In 1851, he immigrated to the U.S. with a friend. He settled on a farm in an established Swedish colony in Illinois in 1853 and brought his family from Sweden to join him. But Mattson did not find Illinois promising. He left in search of better land just a few months after settling there.
In 1857 due to panic Mattson was financially ruined. He served with distinction as a colonel in the American Civil War (1861–1865) and then returned to Minnesota.
After returning to Minnesota, Mattson began his work as an immigration booster. First he worked with the St. Paul & Pacific Railroad Co, where he was a protection agent to greet Swedish and Norwegian arrivals in Chicago.
Building on his experience, in 1866, Mattson proposed the creation of a state Board of Immigration. The board would recruit immigrants to homestead land in Minnesota. Until the 1880s, immigration to the U.S. was regulated by states rather than the federal government. In 1867, Governor William Marshall established the board and named Mattson to be its first secretary.
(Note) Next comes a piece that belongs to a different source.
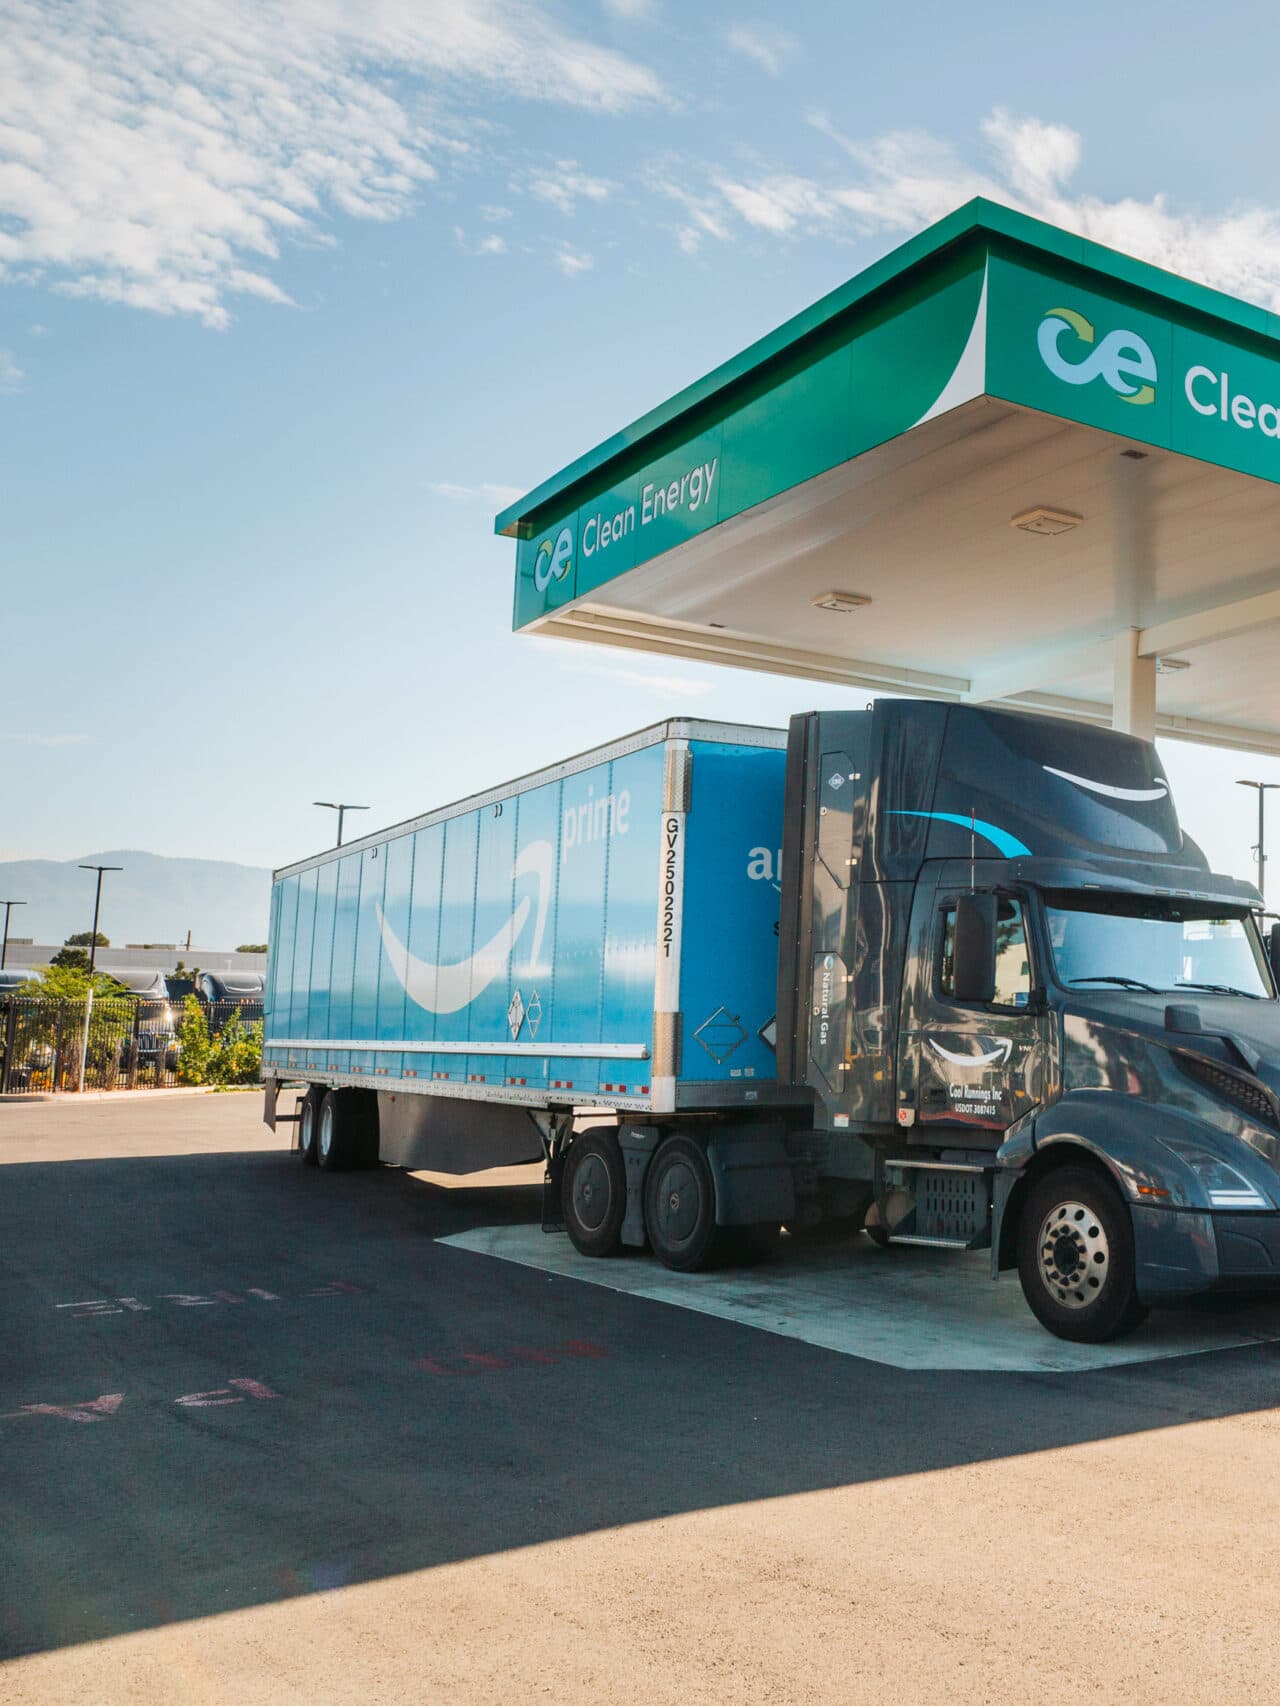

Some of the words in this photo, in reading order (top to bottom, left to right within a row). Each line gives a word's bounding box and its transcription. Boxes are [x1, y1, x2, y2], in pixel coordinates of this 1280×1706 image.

The state was especially interested in recruiting Scandinavian immigrants, who were considered to have good moral character.
As a booster, Mattson promoted Minnesota in Sweden and Norway. He also promoted the state to Scandinavian immigrant communities in the Eastern U.S. Mattson recruited immigrants to Minnesota by several means. He wrote for Swedish American newspapers; he encouraged immigrants to write letters to friends and family in Europe; and he published pamphlets about the benefits of Minnesota. During the course of his life, Mattson founded several Swedish newspapers in Chicago and Minneapolis, including the Minnesota Statstidning.
Member Minnesota Board Immigration, 1867-1872.